Es ist eine bedeutungsschwangere Aussage, die so oft benutzt wurde in dem sich dem Ende neigenden Spieljahr 2021/22: In dieser Liga kann jeder jeden schlagen! Spitzenteams wollen sie nicht hören, und von abstiegsbedrohten Teams wird es oft hochstilisiert. Und doch muss man genau diesen Satz bemühen um zu erklären, wie ein Team, welches vier Tage zuvor den Tabellenzweiten in dessen Halle schlägt, nun nicht die erforderlichen PS auf die Platte bringt, um dem Konkurrenten aus Thüringen Paroli zu bieten.
Dabei war der Start in die Partie durchaus verheißungsvoll. Eine Abwehr die energisch zur Sache ging, ein Rückhänder von Christoph Neuhold zum 0:1 und gute Lösungen gegen die erwartete 5:1 Abwehr der Hausherren. Doch bereits nach sechseinhalb Minuten gab es den ersten Fingerzeig, dass es ein gebrauchter Tag für die Rot-Weißen werden könnte. Statt zur 2:3 ins Netz, klatschte Rutger ten Veldes Siebenmeter an den Innenpfosten und raus aus dem Tor. Als sich dann nach zehn, zwölf Spielminuten immer mehr technische Fehler ins Spiel der Ferndorfer Jungs reihten, konnte dies der ThSV Eisenach zur ersten Zwei-Tore-Führung des Abends nutzen. Coach Robert Andersson fing an zu rochieren, doch Besserung war nicht in Sicht. 10:6 lautete der Zwischenstand nach 16 gespielten Minuten. Fynn Hangstein, dessen Gefährlichkeit Andersson im Vorfeld explizit herausgestellt hatte, war bis zu diesem Zeitpunkt bereits sechs Mal erfolgreich. Es lief nicht mehr viel zusammen bei der TuS-Equipe. Lucas Schneider übernahm dann Verantwortung und brachte seine Farben mit drei Toren zurück ins Spiel. Beim 12:10 in der 20.Minute hatte es gar etwas von Run & Gun Handball. Leider mit dem schlechteren Ende für den TuS. Denn während im Angriff die Lösungsansätze gegen die Eisenacher Abwehr vorhanden waren, wurden diese mehr schlecht als recht zu Ende gespielt. Und in der Abwehr passte die Absprache zwischen Keeper und Abwehr mal so gar nicht. Hier kam allerdings erschwerend hinzu, dass der am Freitagabend so überragend agierende Lucas Puhl sich kurzfristig mit Fieber abmelden musste und die Fahrt an die Wartburg gar nicht erst mit antrat. Die somit geschwächte Defensivachse der Ferndorfer hebelten die Eisenacher immer wieder mit einfachsten Mitteln aus. Nach mehreren Kreuzungen den Halbrechten holen, dieser zieht ungestört an der Abwehr, die in diesen Fällen den Namen nicht verdiente, vorbei und schließt dann im kurzen Eck ab. So stand nach dreißig Minuten ein 17:14 auf der Anzeigetafel, welches noch alle Möglichkeiten für Durchgang Zwei offen ließ.
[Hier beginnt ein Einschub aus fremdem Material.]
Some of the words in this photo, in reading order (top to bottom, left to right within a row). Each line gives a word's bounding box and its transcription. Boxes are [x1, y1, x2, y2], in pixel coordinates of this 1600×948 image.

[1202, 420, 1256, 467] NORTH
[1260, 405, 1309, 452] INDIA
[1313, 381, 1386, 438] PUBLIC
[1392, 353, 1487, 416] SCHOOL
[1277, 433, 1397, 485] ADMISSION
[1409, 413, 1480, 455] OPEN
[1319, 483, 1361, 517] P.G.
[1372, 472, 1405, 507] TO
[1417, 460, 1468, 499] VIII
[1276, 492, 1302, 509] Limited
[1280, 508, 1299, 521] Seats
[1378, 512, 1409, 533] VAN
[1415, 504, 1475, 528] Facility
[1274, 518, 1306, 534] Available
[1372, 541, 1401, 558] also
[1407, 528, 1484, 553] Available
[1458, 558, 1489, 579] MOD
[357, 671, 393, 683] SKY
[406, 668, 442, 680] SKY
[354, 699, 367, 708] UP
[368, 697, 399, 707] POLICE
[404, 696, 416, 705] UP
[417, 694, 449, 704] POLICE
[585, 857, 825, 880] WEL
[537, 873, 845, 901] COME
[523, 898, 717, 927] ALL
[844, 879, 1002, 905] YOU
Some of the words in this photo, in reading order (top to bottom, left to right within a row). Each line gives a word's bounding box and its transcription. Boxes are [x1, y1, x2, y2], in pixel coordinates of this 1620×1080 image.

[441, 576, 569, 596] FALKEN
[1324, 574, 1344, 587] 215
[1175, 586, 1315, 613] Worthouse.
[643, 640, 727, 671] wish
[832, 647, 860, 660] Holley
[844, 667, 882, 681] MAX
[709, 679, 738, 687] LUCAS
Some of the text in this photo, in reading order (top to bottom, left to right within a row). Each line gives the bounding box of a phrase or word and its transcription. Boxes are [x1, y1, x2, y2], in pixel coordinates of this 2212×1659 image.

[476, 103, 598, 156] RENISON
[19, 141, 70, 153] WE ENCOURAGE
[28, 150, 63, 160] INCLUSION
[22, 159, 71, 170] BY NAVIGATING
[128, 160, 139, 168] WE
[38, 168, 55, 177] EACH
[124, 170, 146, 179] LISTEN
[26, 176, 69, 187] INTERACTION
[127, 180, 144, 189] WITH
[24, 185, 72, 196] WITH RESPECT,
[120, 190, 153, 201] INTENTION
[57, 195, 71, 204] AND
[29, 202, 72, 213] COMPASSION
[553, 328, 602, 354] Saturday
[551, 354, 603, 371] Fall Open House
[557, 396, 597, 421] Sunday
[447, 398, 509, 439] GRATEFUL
Die Chancenverwertung war sicherlich Thema in der Halbzeitansprache Anderssons, denn Eisenach war kein übermächtiger Gegner und bot immer wieder mal Möglichkeiten an. Was dann allerdings zwischen der 34. und 44.Minute passierte, wird wohl noch für viel Gesprächsstoff in den nächsten Tagen sorgen. Nach dem Anschlusstreffer von Mattis Michel zum 19:16 ging nichts mehr zusammen. Während die in Blau gekleideten Gastgeber mit einer aggressiven Abwehr den TuS immer wieder ins Zeitspiel zwangen, fehlte es den Mannen aus dem Siegerland an genau jener Aggressivität. „Mit zwei gehaltenen Bällen in sechzig Minuten gewinnt man kein Handballspiel“, legte Andersson den Finger in die Wunde, ohne einzig seine Torhüter in die Pflicht zu nehmen. Denn zu einem guten Abwehrverbund gehört nun mal das Zusammenspiel des Keepers mit seiner Abwehr. Und das war über weite Strecken nicht präsent. So wurde innerhalb der zitierten zehn Minuten aus einem 19:16 Rückstand ein unaufholbarer 27:17 Rückstand. Ideenlos und fahrig zeigte sich der komplette rot-weiße Tross. Als dann nach 48 Minuten Josip Eres ganz allein vor Eisenachs Keeper Fran Lucin auftauchte, diesen aber abwarf statt zu treffen, war dies sinnbildlich für den gebrauchten Tag der Ferndorfer Mannschaft.. Die Crunch-Time wurde zur Farce, da nur noch Ergebniskosmetik betrieben werden konnte. Eisenach hatte sich längst den Luxus erlaubt, den Dreh- und Angelpunkt des Spiels, Fynn Hangstein, zu schonen. „Schon in der ersten Halbzeit laden wir Eisenach mit Fehlpässen zu Tempogegenstößen ein und kassieren zu einfache Tore“, sah Andersson aber bis zum Spielende keine Besserung bei den Seinen. Einziger Lichtblick bei der verdienten Niederlage war das Debüt des ukrainischen Nationallinksaußen Oleksandr „Sascha“ Kasai. Dieser löste den glücklosen ten Velde ab und traf sowohl aus dem Feld, wie auch von der Siebenmeter-Marke. Und so gilt es die positiven Ansätze mitzunehmen aus diesem schlechten Abend in Eisenach. 35:26 lautete der Endstand. Doch, um eine Redewendung aus dem Fußballbereich zu zitieren: Vielleicht ist es besser einmal mit neun Toren zu verlieren, als neun Mal mit einem Tor!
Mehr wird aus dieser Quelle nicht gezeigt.